Temos aqui a deixa para resgatarmos o início do texto, quanto à essência da Filosofia, na qual as questões materiais e espirituais são conceituadas em um sistema inteligível e coerente de valores, e quanto à importância do conhecimento físico do mundo e das bases filosóficas do conhecimento.

Nesse ponto, a Física moderna colocou em xeque o pressuposto fundamental do materialismo, qual seja, a existência dos átomos como substância material e sólida da qual todas as coisas físicas seriam feitas. Os corpos não são feitos de átomos, mas de campos fluidos de energia com suas interações fantasmagóricas à distância, para usar palavras do próprio Einstein.

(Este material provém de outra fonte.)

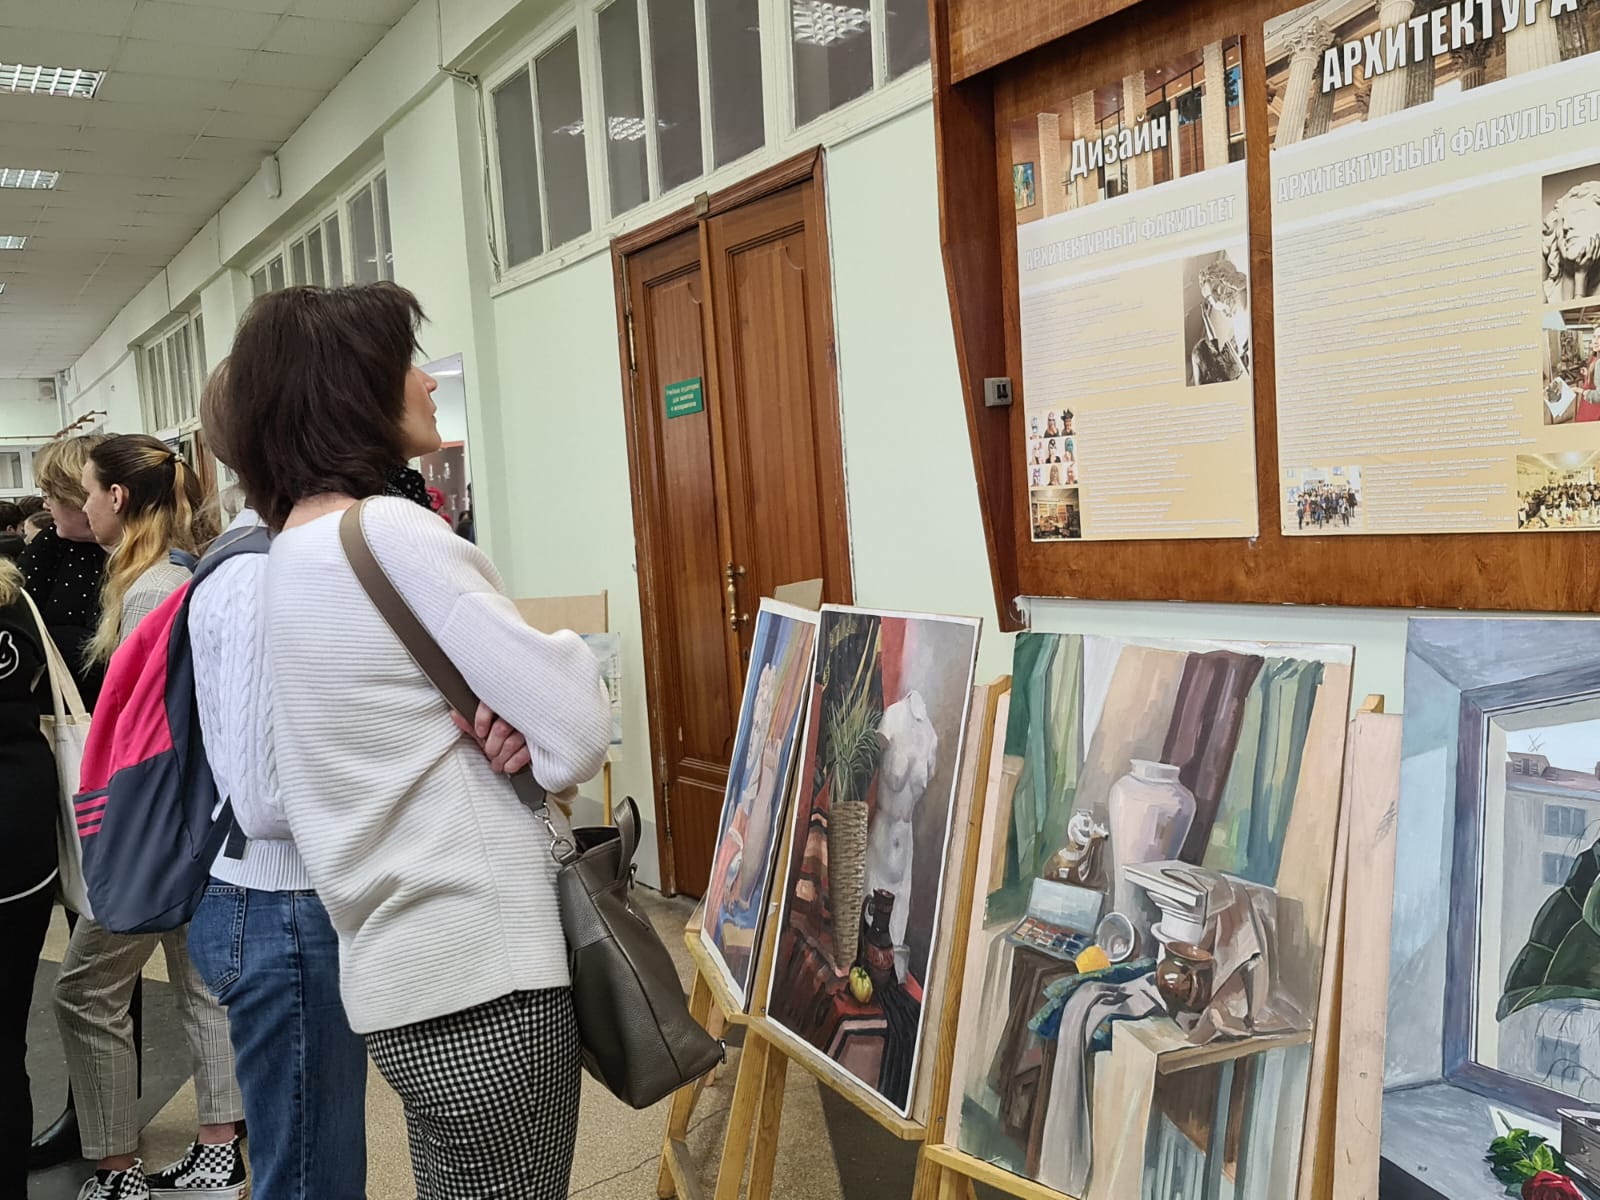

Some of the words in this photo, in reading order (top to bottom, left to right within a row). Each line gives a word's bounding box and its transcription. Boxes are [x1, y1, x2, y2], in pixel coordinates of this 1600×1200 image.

[1070, 114, 1168, 182] Дизайн
[1276, 128, 1446, 203] АРХИТЕКТУРНЫЙ
[1450, 89, 1600, 156] ФАКУЛЬТЕТ
[1025, 217, 1137, 271] АРХИТЕКТУРНЫЙ
[1140, 195, 1236, 240] ФАКУЛЬТЕТ

E para além da questão corporal, um ponto fundamental que também refuta o princípio filosófico materialista está no fato de que o cosmos é ordenado desde o princípio, somente fazendo sentido a proposta atomista e materialista fundamental, segundo a qual a inteligência é posterior à matéria, e não anterior, como sustentava o idealismo platônico, quando a desordem é remetida para um mundo anterior ao nosso universo, isto é, o postulado filosófico materialista somente continua tendo validade quando criados infinitos universos, cuja existência não pode ser cientificamente comprovada, um dos quais é o nosso, ordenado e com possibilidade de desenvolvimento da vida, mas como obra de mero acaso. E mesmo nessa hipótese, alguma explicação deveria ser dada à fábrica de universos, sobre a origem fundamental de tudo, demonstração teórica essa que passa longe, muito longe, da teoria materialista.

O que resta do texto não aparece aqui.